This week I have been in email contact with an old ministry colleague. He was once on staff at a Church with me and now he is the preaching minister at a Church in northern Indiana. In our conversation he was venting his frustration about a lady in the Church who continues to stir up dissension among the Christians there.
I have been there and I feel his pain. I will never fully understand why some people are so negative about the Church they attend. They will talk to anyone who will listen to their complaints and issues. Honestly, I believe it is done by people who are desperately longing for attention even if it comes in negative ways.
My interaction with my friend reminded me of a story John Maxwell told in a leadership lesson many years ago. He told about a woman in his Church who was a gossip and a source of division. He and a leader confronted her and asked why she was spreading such awful stories about people. Most of her stories were full on lies or half-truths and she was destroying the church.
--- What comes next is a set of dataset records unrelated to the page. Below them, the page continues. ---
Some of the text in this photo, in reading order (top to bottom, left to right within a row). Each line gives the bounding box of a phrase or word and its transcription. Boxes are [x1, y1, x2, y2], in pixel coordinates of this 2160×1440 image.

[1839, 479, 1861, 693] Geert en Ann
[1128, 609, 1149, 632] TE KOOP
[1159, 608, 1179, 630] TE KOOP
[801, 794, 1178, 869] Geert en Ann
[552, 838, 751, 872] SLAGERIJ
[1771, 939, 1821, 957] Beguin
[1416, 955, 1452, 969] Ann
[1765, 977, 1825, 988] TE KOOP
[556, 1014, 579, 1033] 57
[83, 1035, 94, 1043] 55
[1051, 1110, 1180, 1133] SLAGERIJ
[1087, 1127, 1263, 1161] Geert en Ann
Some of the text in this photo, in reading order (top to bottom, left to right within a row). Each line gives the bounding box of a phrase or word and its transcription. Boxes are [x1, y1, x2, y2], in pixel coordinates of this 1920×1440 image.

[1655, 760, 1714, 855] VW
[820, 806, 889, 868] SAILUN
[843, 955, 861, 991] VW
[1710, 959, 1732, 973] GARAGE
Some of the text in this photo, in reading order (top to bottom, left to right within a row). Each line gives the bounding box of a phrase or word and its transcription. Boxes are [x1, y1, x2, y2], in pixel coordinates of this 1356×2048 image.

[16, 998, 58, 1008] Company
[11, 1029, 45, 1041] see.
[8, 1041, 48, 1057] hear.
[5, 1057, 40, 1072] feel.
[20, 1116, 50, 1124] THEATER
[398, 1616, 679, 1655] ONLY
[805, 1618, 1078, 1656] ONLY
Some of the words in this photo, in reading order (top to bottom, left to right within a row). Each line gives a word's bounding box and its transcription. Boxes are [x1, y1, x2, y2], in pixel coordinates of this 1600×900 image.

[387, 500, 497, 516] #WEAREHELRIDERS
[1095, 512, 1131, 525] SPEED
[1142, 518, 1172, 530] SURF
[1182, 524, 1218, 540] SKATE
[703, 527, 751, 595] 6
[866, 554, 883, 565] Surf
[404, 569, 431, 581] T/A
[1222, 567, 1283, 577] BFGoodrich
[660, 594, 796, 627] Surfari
She said, “I can’t help it, people just tell me these stories and I have to share them.”
After a long silence, John said, “Do you know why people take their trash to the dump?”
She was taken aback and said, “Not really.”
John said, “Because they accept it there.” Then he paused and said, “The day they stop accepting it people will stop going there.”
Then he looked at her and stated plainly, “You need to stop listening to all the trash that people keep telling you. Then you will not have any stories to tell and our Church will smell less like a dump.”
I do not know what happened to that lady. I am not sure what happened at the Church. I do know that every Church struggles with people who spew their negative words tearing down the work of the Lord. This is even truer in a culture with Facebook, Twitter, Instagram and Blogs. Negative stories, often less than half-true, spread like wild-fire and do more damage than good. The Church suffers and the Lord gets a black eye when we spread gossip and slander our fellow Christians. So the next time a story comes to you, ask yourself, “Am I being Like Christ or the dump in this situation?”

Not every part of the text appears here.